===== Material shown
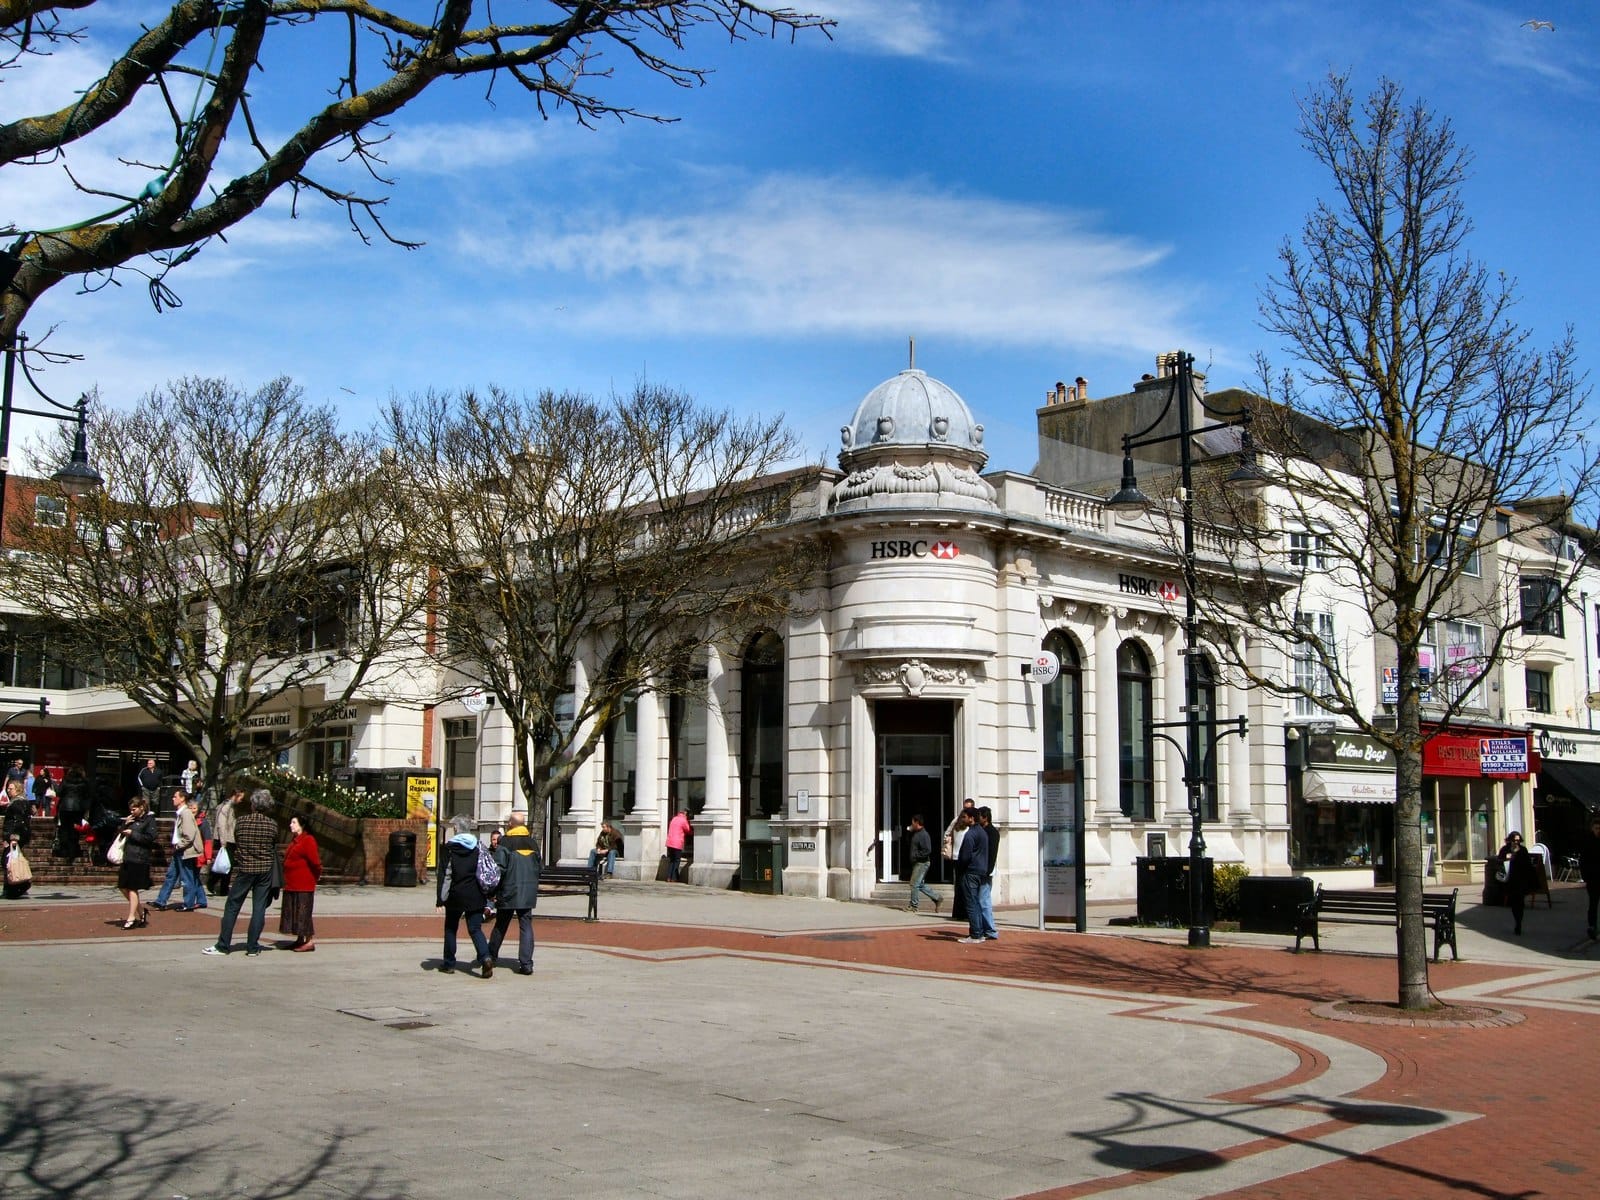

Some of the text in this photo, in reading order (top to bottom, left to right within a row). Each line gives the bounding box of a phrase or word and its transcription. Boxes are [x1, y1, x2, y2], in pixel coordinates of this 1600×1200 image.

[871, 540, 928, 559] HSBC
[1119, 573, 1158, 598] HSBC
[1032, 666, 1054, 676] HSBC
[1335, 741, 1387, 762] dstone Bags
==========
What this task involves
Each entry is to be given again exactly as it stands, with its pictures removed.

Written response
Some of the text in this photo, in reading order (top to bottom, left to right within a row). Each line gives the bounding box of a phrase or word and its transcription. Boxes are [x1, y1, x2, y2], in pixel coordinates of this 1600×1200 image.

[871, 540, 928, 559] HSBC
[1119, 573, 1158, 598] HSBC
[1032, 666, 1054, 676] HSBC
[1335, 741, 1387, 762] dstone Bags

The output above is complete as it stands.